ソリューション・ラボ・ジャパンが、「SLJ Sustainable Solutions」(サステナブルソリューションズ)と銘打った一連のサービス&ソリューションを打ち出したのは2023年である。
これにはQuick!シリーズと冠して、IBM iのクラウドサービスであるPower Virtual Serverへの移行や環境設定を支援する「Quick! PVS」、IBM iの運用から保守までワンストップで提供するデータセンター型のマネージドサービスである「Quick! Power for i」、ローコード開発ツールであるLAN
SAのWebアプリケーション開発を加速させるフレームワーク「Quick! Base for LANSA」、一般的に導入が難しいとされるMES(製造実行システム)を低リスクかつ低コスト、短期間で段階的に導入するサービスである「Quick! MES」、そしてRPGの教育・研修サービス「Quick! Learning for RPG」がある。

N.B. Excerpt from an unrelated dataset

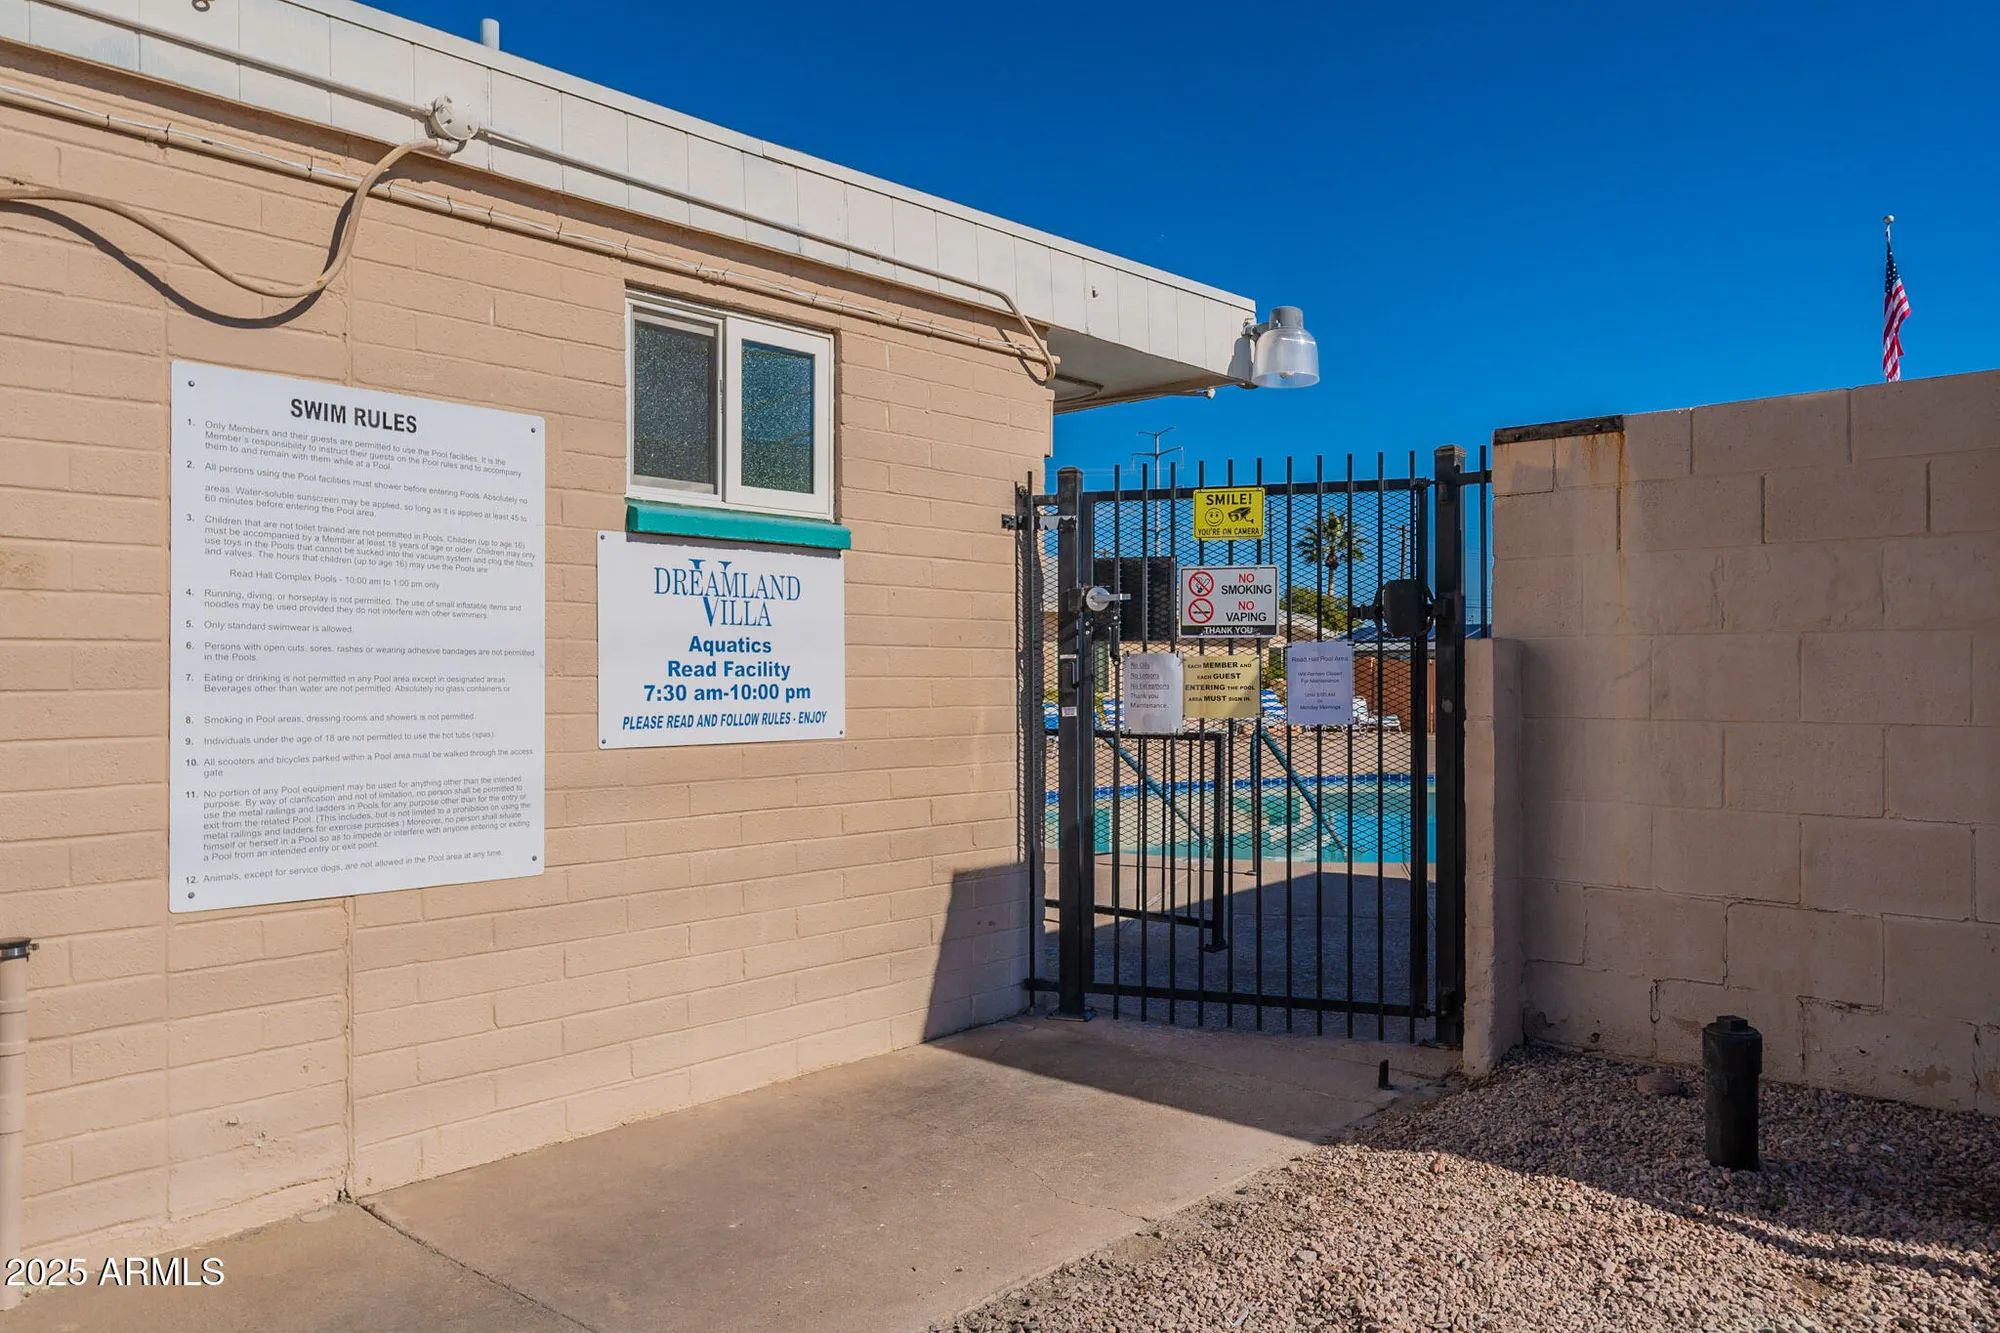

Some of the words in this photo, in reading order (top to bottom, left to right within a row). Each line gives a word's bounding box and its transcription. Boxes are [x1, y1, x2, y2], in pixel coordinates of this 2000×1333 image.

「Quick! Learning for RPG」をイベントに出展した2023年以降、教育・研修に関する問い合わせは確実に増加し、昨年2025年からその傾向は一層顕著になった。2025年度は前年度に比べて約3倍の受注に成功している。これは同社が「Quick! Learning for RPG」によりRPGの教育・研修サービスを提供しているという認知度の向上、そしてユーザー側で教育・研修のニーズが高まっている状況が奏功した結果であろう。
「Quick! Learning for RPG」では、以下のような4つのコースを用意している。

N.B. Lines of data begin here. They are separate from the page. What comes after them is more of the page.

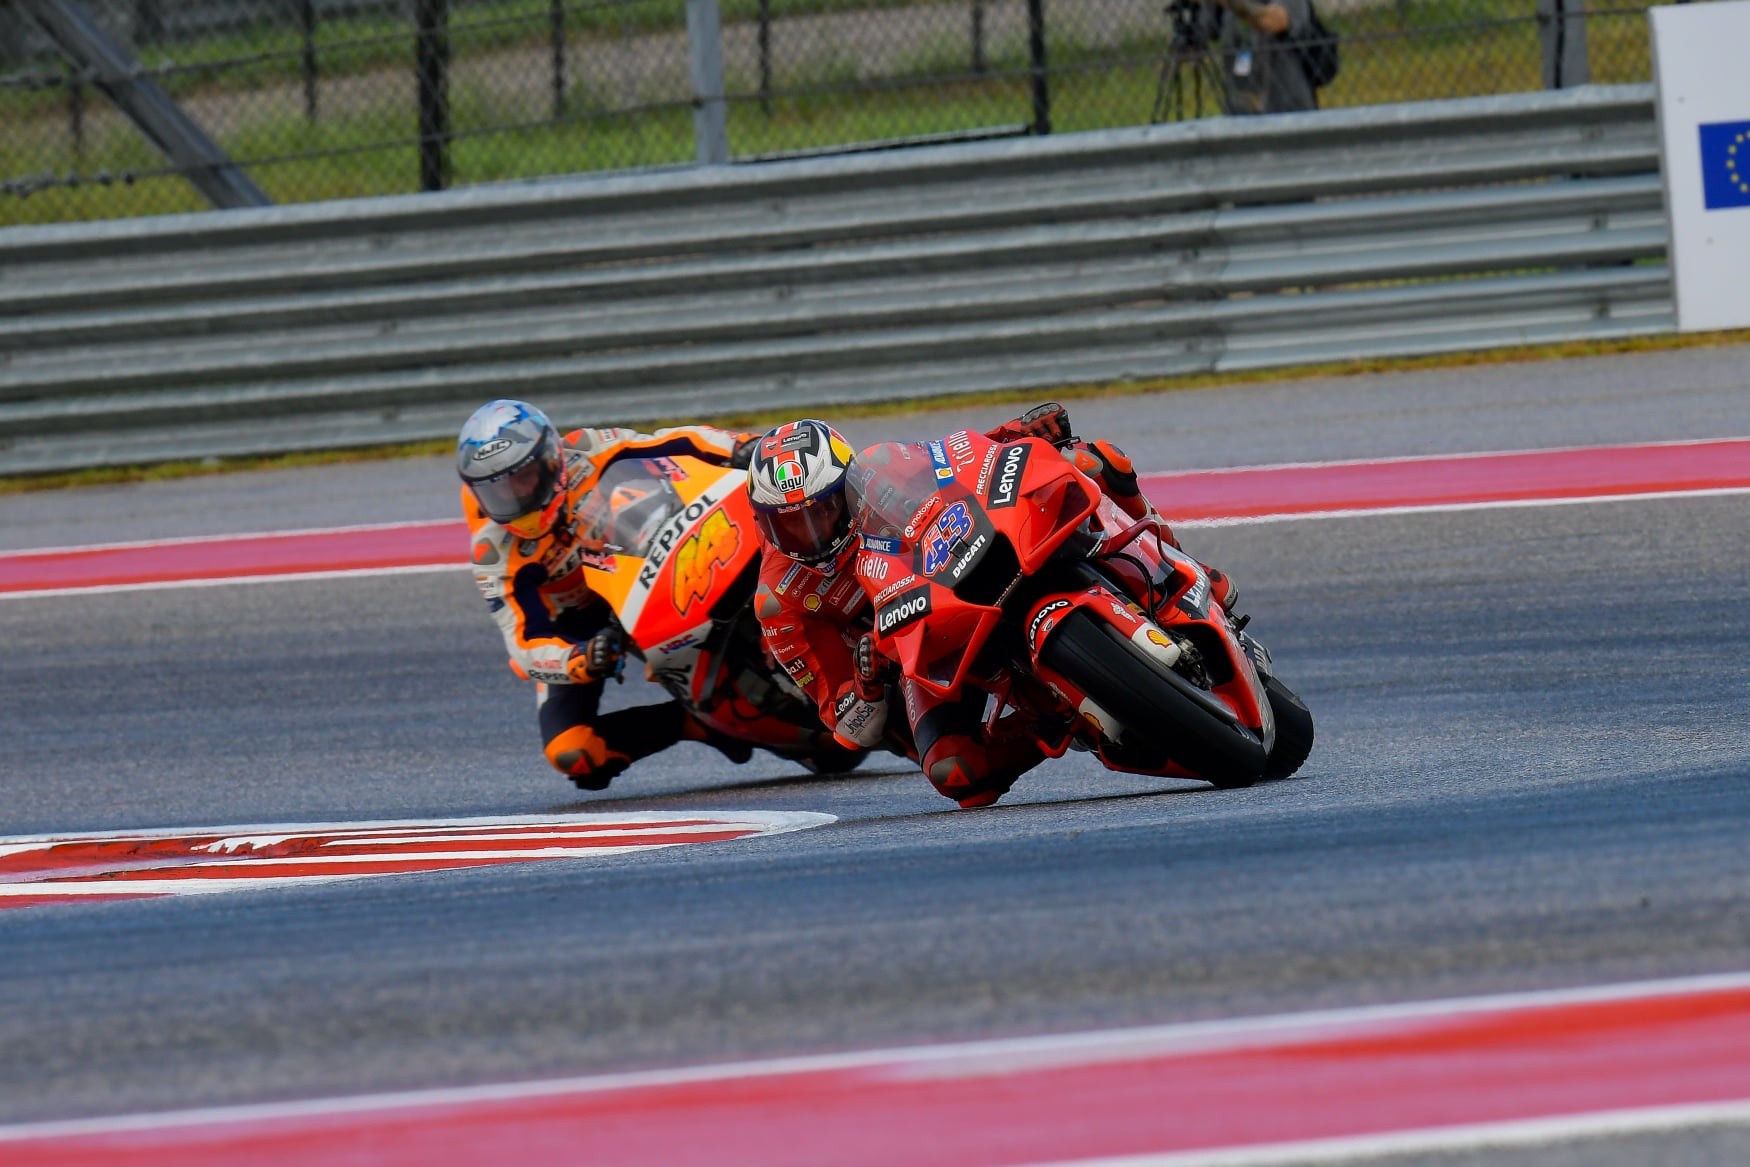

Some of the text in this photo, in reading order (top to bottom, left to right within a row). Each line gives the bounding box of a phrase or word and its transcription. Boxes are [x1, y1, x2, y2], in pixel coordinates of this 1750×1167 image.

[477, 440, 506, 458] HJC
[993, 446, 1024, 505] Lenovo
[639, 494, 718, 590] REPSOL
[673, 507, 740, 617] 44
[866, 538, 892, 552] ADVANCE
[922, 500, 975, 577] 43
[952, 534, 986, 578] DUCATI
[880, 596, 927, 632] Lenovo

1つ目は、「IBM i 基本操作/RPG基礎知識」。新入社員やオープン系エンジニアを対象にIBM i の基本操作、RPGの基礎知識の習得を目指すコースで、よく利用するコマンドやRPGの基本コーディング、データファイルの読み取り、構造化プログラミングを学ぶ。
2つ目は「ベテランRPGプログラマー向け/ILE RPG学び直し」。ILE RPGの開発経験はあるが、ILE RPGのメリットである関数使用による生産性向上やプロシージャー、サービスプログラム使用によるパフォーマンスの向上、システムAPIの利用など、より高いレベルのプログラミングスキルを学ぶ。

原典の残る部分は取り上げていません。